Por David Cantero | Este fin de semana no todo fueron celebraciones en el fútbol balear. Cierto es que el RCD Mallorca conseguía el título de liga de forma merecida, pero la Peña Deportiva caía cruelmente en un final loco en su partido en tierras aragonesas ante el CD Ebro (2-1) y consumaba el descenso a la 3ª División.

Lejos queda ya, aquel 3 de julio, donde en la pequeña isla de Ibiza volvía la ilusión por pasear el nombre de la villa de Santa Eulalia del Río por el grupo tres de la Segunda División B. El entorno sonreía por ver en el Municipal, a su equipo, la Peña, volver a la categoría que dejó hace nada más y nada menos que 9 años.

Un duro mes de julio, en que la directiva peñista se vio con la obligación de hacer un equipo competitivo, con el objetivo de evitar eludir el descenso, pero con el tiempo en contra. Quedaba poco más de un mes para el inicio de liga y había que ponerse el mono de trabajo para fichar lo que el mercado te dejaba, con el 75% de las plantillas del grupo prácticamente cerradas.

Tras una pretemporada mínima con equipos de la zona, el objetivo a corto plazo era adaptar a marchas forzadas un equipo con bastantes caras nuevas. Acabada la primera vuelta, con doce puntos y compartiendo el farolillo rojo con el Deportivo Aragón. Se observaba un equipo peleón que quería pero no podía. La salvación estaba a siete puntos y los gurú de la categoría sentenciaban a los peñistas al descenso EN DICIEMBRE!
Yo no me hacía la idea de que un equipo que veía semana sí, semana también por IB3 fuera tan mal, no era normal que eso pasará. Pero la realidad era la que era y la Peña tenía tan solo doce puntos.

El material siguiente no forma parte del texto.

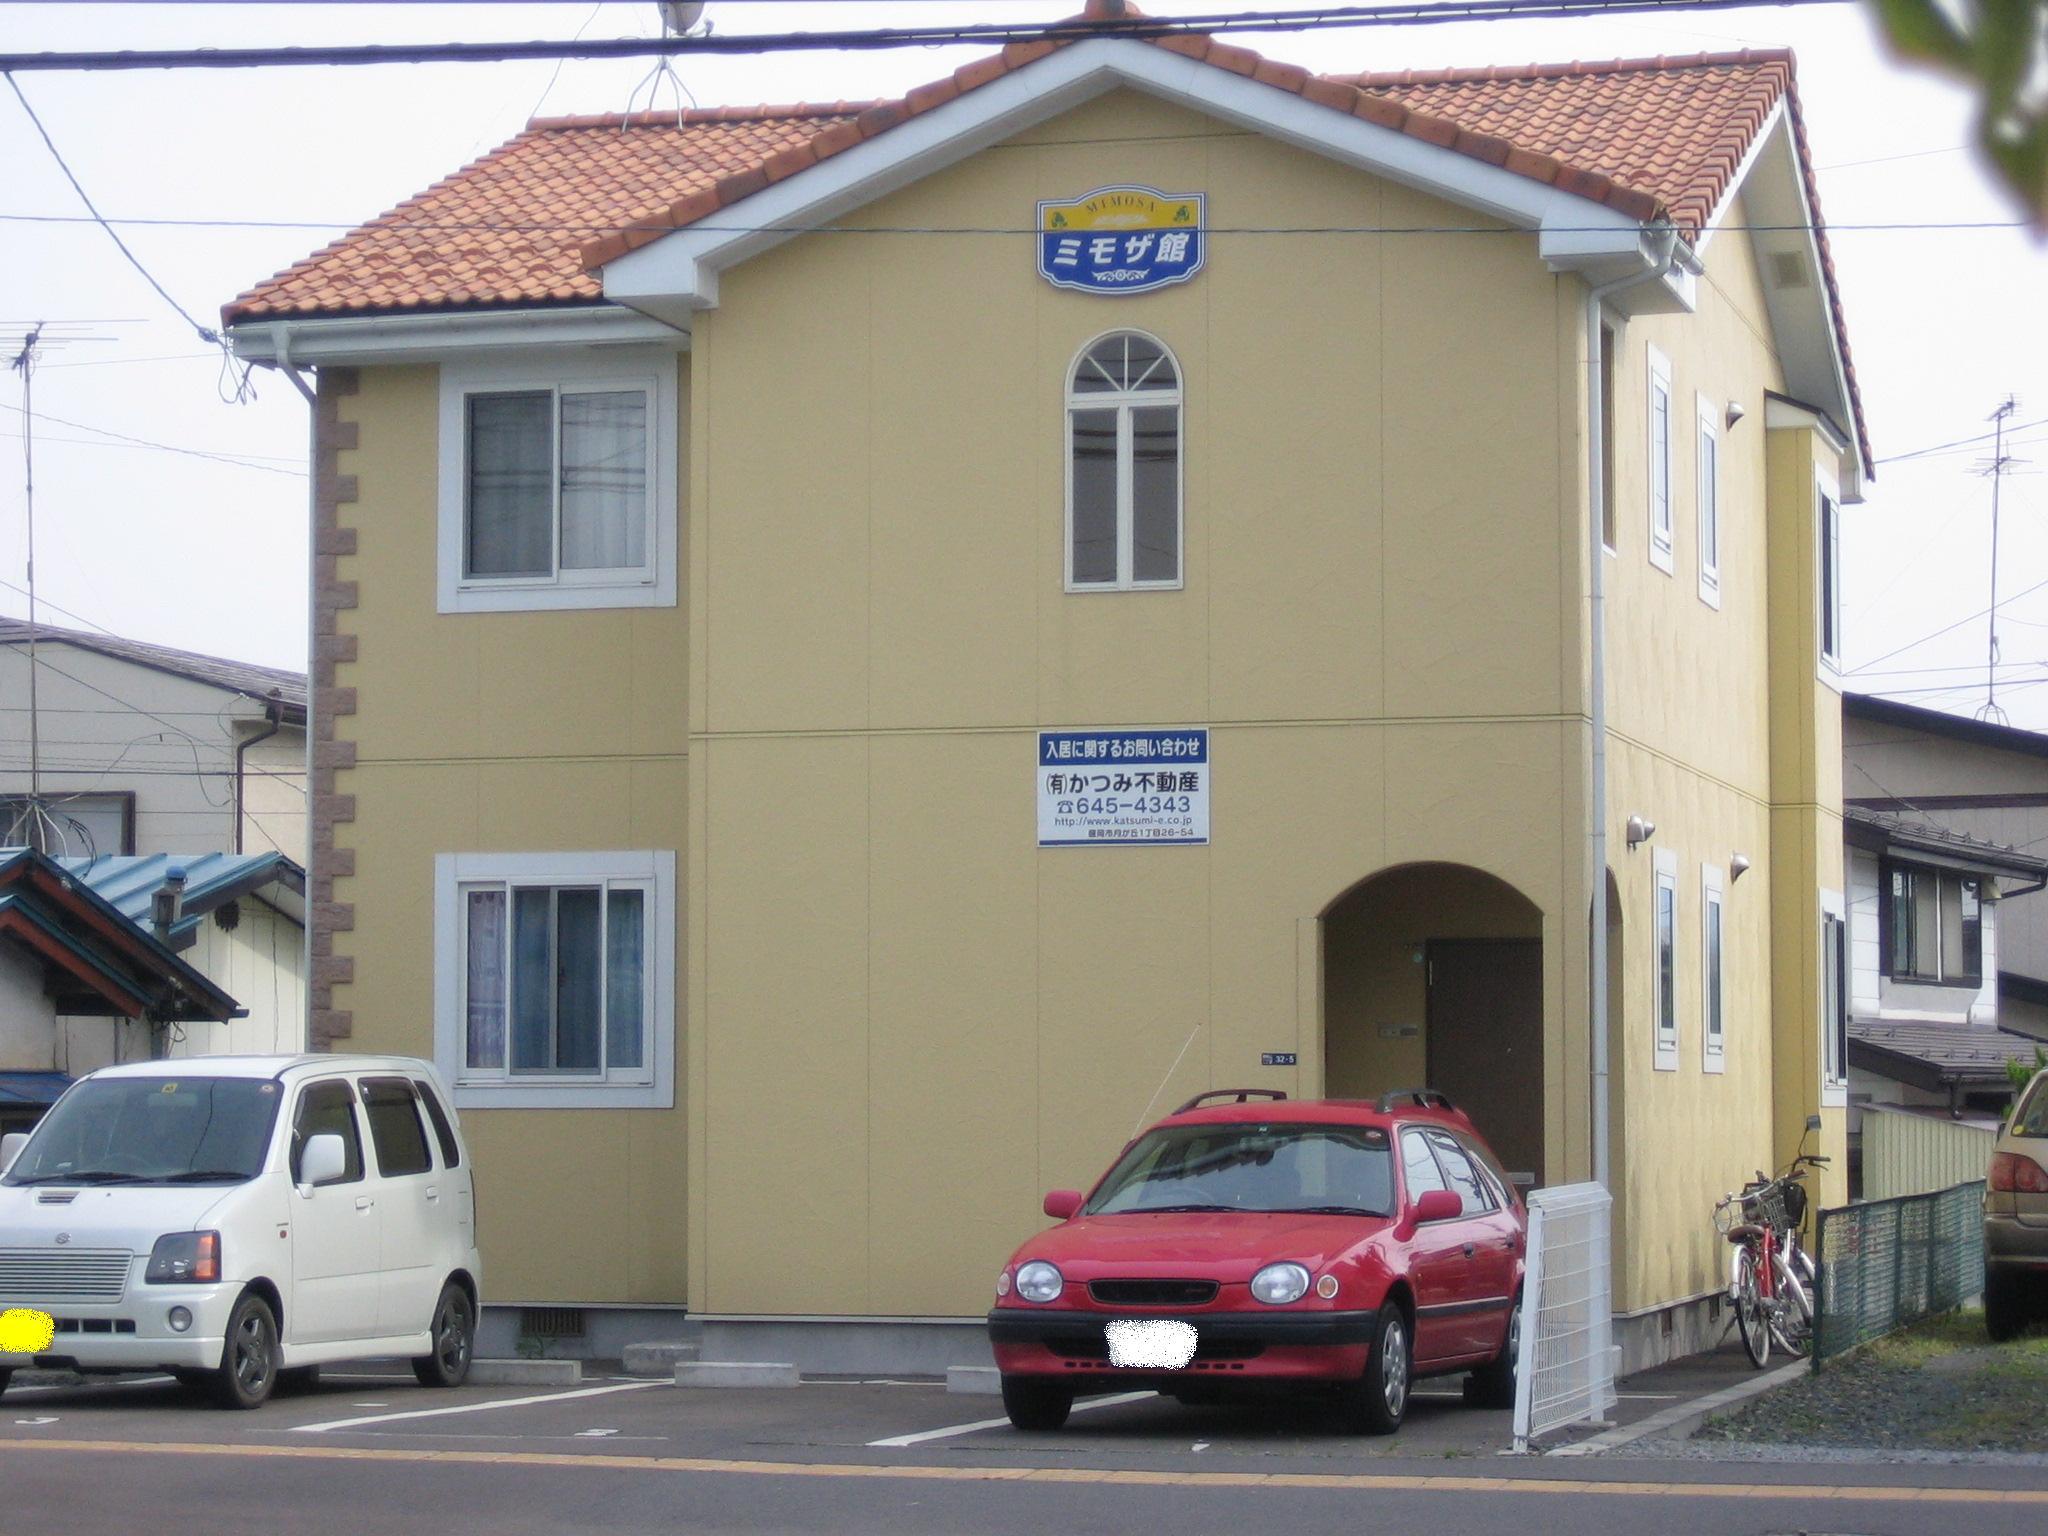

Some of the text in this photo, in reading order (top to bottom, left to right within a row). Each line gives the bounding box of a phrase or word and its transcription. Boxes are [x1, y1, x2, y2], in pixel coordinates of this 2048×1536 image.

[1053, 232, 1190, 266] ミモザ館
[1046, 737, 1200, 759] 入居に関するお問い合わせ
[1054, 815, 1193, 828] http://www.katsumi-e.co.jp

Con los ánimos decaídos pero con más moral que el Alcoyano, empezaba la segunda vuelta con el objetivo de seguir soñando en el sueño de la salvación. Se sumaban tres puntos en Formentera y el artífice para mí de todo esto, aparte de la afición que es para quitarse el sombrero (mención aparte para el valiente de Abraham Cárdenas), es una persona que todavía no he nombrado pero que dijo en su día; “Si ganamos al Mallorca, no nos va a parar nadie”. Eso lo dijo la persona que más ha creído desde julio y no es otro que el míster Dani Mori.

Y es que no me imagino en un futuro próximo, una Peña sin Dani Mori. No hay otra persona que haya hecho soñar a Santa Eulalia del Rio con su Peña Deportiva, cosechando dos de los tres ascensos a la categoría de bronce del fútbol español. La victoria por 2-1 frente al invicto hasta el momento Mallorca y el efecto Municipal empezaba a dar alas a una Peña que no se quería dar por vencida tan pronto, como algunos pensaban.

Hubiese sido muy fácil destituir al entrenador como acabaron haciendo Alcoyano, Atlético Baleares u Olot, pero la paciencia de la directiva ha sido un factor a favor para tener opciones de soñar. Un entrenador que tiene dentro de su corazón el escudo de la Peña, ese sentimiento lo transmite de manera muy clara. Siempre se ha dicho que una imagen vale más que mil palabras, pues ver a Dani entrenando este pasado mes de abril, al Alevín A de la entidad y disfrutando de los chavales, dice mucho de él.

Como no, y siendo siempre una persona con mentalidad positiva, hay que remarcar y poner en valor la segunda vuelta del equipo sumando 24 puntos (a falta de un partido) que siempre quiso seguir alimentando ese difícil sueño hasta el final, que por trabajo hubiese sido merecido y justo, pero por desgracia en el fútbol la justicia no existe, sino que solo importan los goles y los puntos que uno obtiene, el resto queda en segundo plano. Como anécdota, decir que es la mejor puntuación en Segunda B en la historia del club superando los 34 puntos de la anterior temporada (08-09).

Este equipo ha muerto con las botas puestas y como dijo ayer el míster en rueda de prensa; “Durante toda la temporada hemos dado la cara por todo el pueblo (pescaderos, carniceros, vendedores de coches…) que trabajan dentro del pueblo en todos los sentidos. Creo que ni uno puede reprochar nada a estos futbolistas y pueden estar orgullosos del trabajo que hemos hecho, porque así me siento yo.” Con dichas palabras, se resume todo lo dicho.

Recordad, peñistas, que cada uno es libre de soñar, y en Santa Eulalia estoy seguro que soñaréis para volver a disfrutar de esta bonita y competida categoría, y que cuando más peñistas soñéis, faltaran menos días para cumplirlo. Nunca dejéis de creer, endavant Peña!